Retail Excellence said earlier today that a number of other retail operators will follow suit in the coming weeks.

Image: lee briston via Flickr

Updated 9.32pm

HOMEBASE IRELAND HAS confirmed earlier today that an interim examiner has been appointed, proposing to close three ‘non-viable’ stores.

The company currently employs 558 people in its 15 Irish stores. In a statement, the company said that the High Court has appointed Kieran Wallace of KPMG as interim examiner.

It said that the purpose of examinership is to “re-structure Homebase Ireland so as to put the business on a sustainable footing”.

“A key element of the examinership process is to protect as many jobs as possible,” it added.

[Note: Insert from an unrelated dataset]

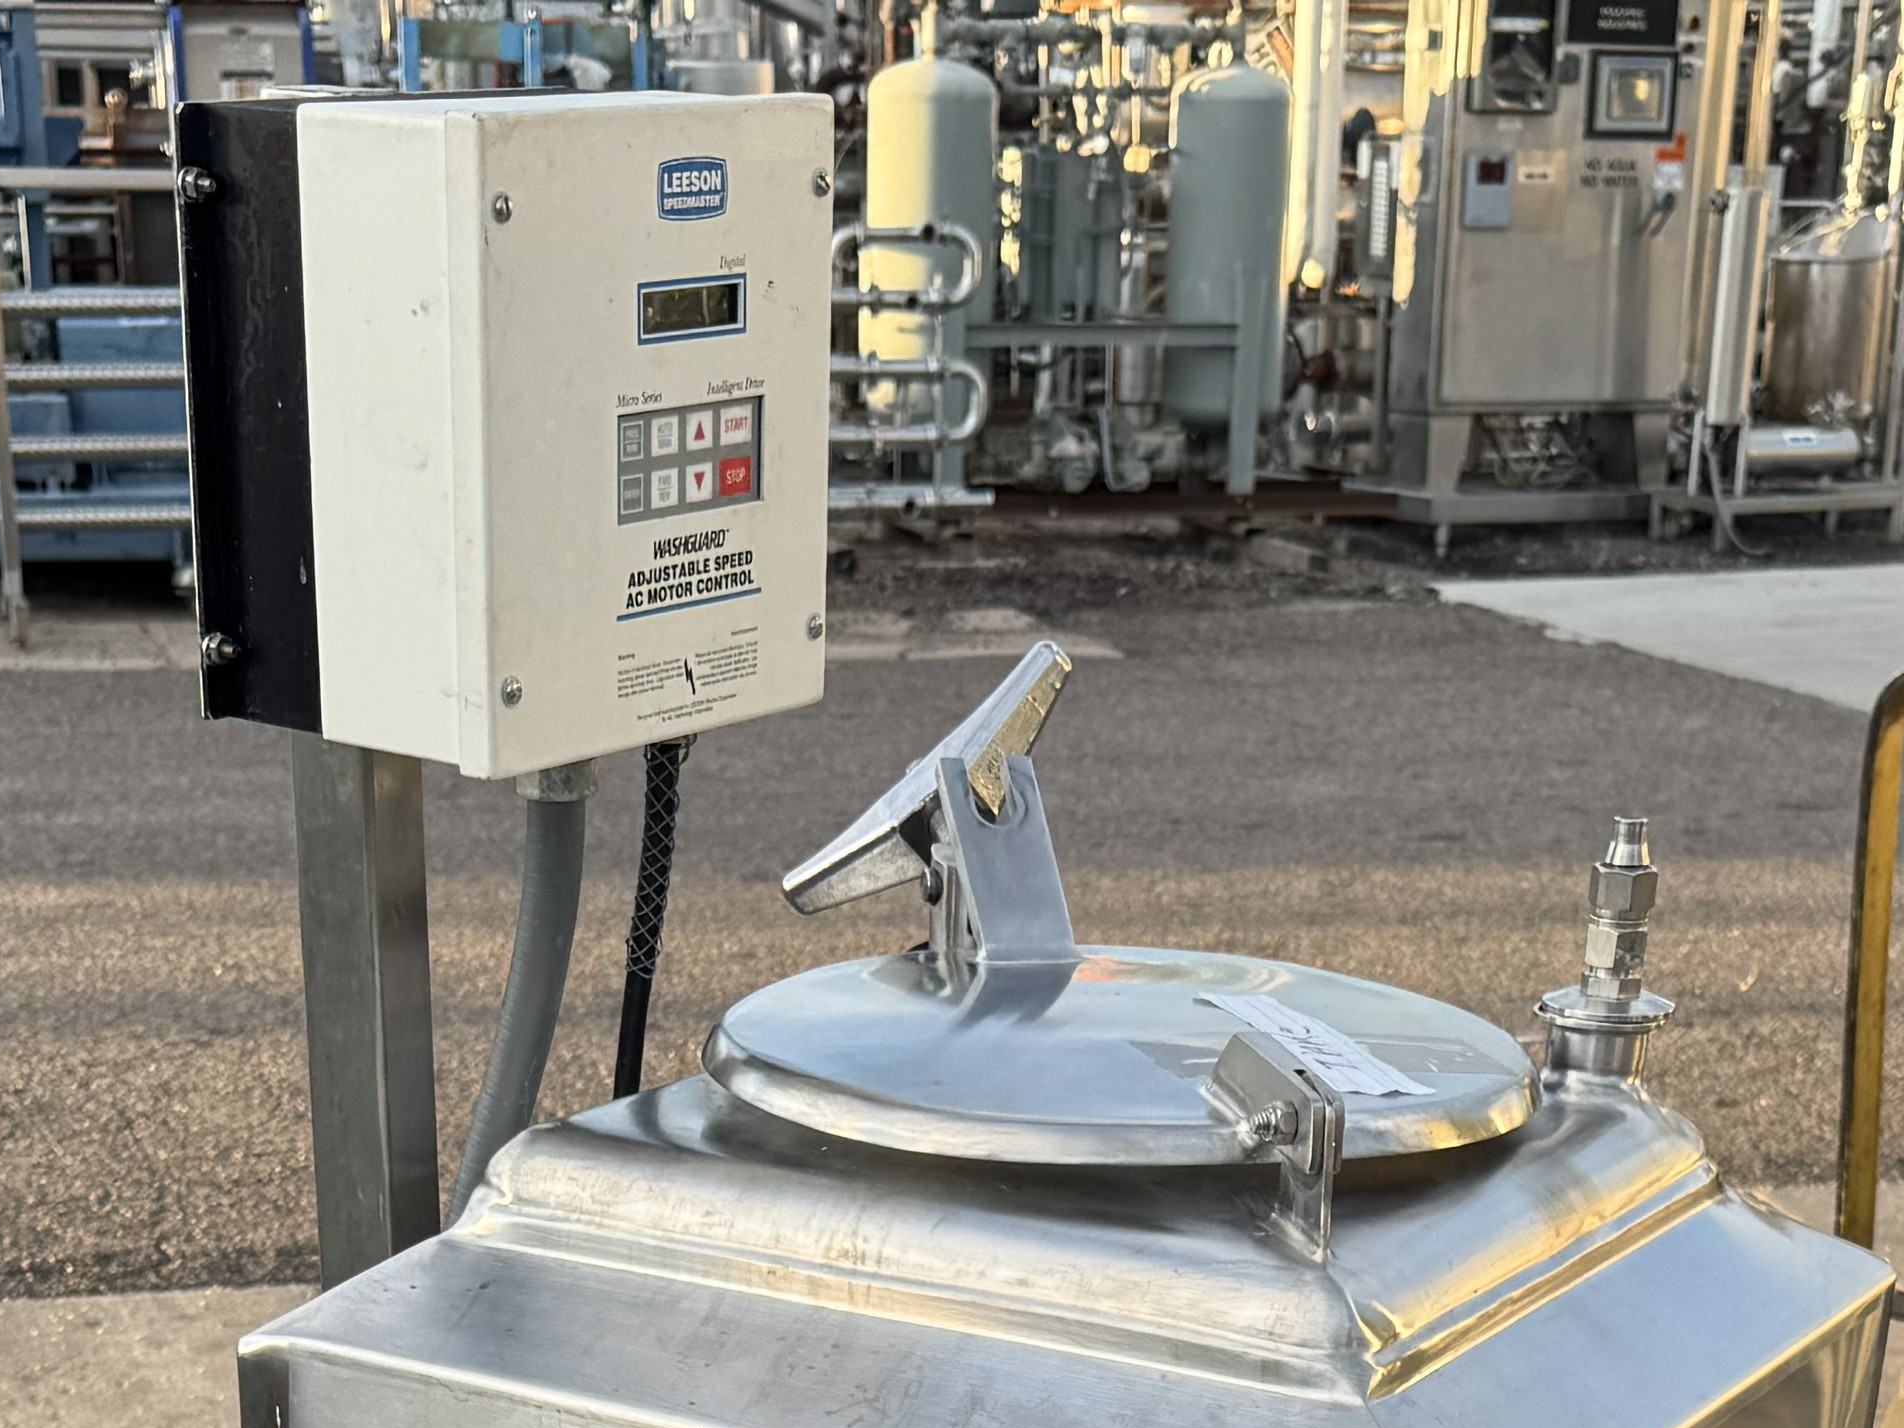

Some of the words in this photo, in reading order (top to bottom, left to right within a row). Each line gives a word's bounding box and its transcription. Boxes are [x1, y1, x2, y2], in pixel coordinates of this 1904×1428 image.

As a result of the economic recession in Ireland and the associated fall in disposable income, reduction in new house builds and lower consumer spending on repair, maintenance and improvement products, Homebase Ireland has experienced a 31 per cent reduction in sales since 2009 and it has been unprofitable for each of the past five years, despite significant remedial action being taken by management.  In addition, Homebase Ireland’s ability to reduce operating costs has been restricted by the existence of ‘upward only’ rent reviews on its store leases.  This is a situation that can no longer be sustained.

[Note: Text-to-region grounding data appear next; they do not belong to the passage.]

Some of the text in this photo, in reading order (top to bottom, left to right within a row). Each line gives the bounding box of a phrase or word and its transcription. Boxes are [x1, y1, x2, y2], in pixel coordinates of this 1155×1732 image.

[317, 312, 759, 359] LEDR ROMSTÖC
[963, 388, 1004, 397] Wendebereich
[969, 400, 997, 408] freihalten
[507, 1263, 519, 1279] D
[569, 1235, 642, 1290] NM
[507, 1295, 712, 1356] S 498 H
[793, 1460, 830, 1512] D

On its Facebook page, Homebase Ireland said that an interim examiner has been appointed but said that all stores will trade as normal during the examinership period.

It also sought to assure customers, saying that all pre-paid goods and services, credit notes and gift vouchers will be “fully honoured”.

While Homebase said that the purpose of the examinership was to protect as many jobs as possible, it said that consideration will have to be given to closing non-viable stores if it is to have a reasonable prospect of survival.

It has proposed closing three stores – in Fonthill, Carlow and Castlebar – with 17 full time and 79 part time employees across the three. These proposals are subject to recommendations of the examnier.

Commenting on the news, Retail Excellence CEO David Fitzsimons said it is a “clear and unequivocal indication that penal upward only rents are placing huge pressure on otherwise sustainable retail businesses”.

Commercial rents in Ireland increased by 240 per cent between 2000 and 2007, a period when consumer prices increased by 30 per cent, Fitzsimons pointed out.

He also said that a number of other retail operators and company’s dependent on the retail industry will enter examinership in the coming weeks.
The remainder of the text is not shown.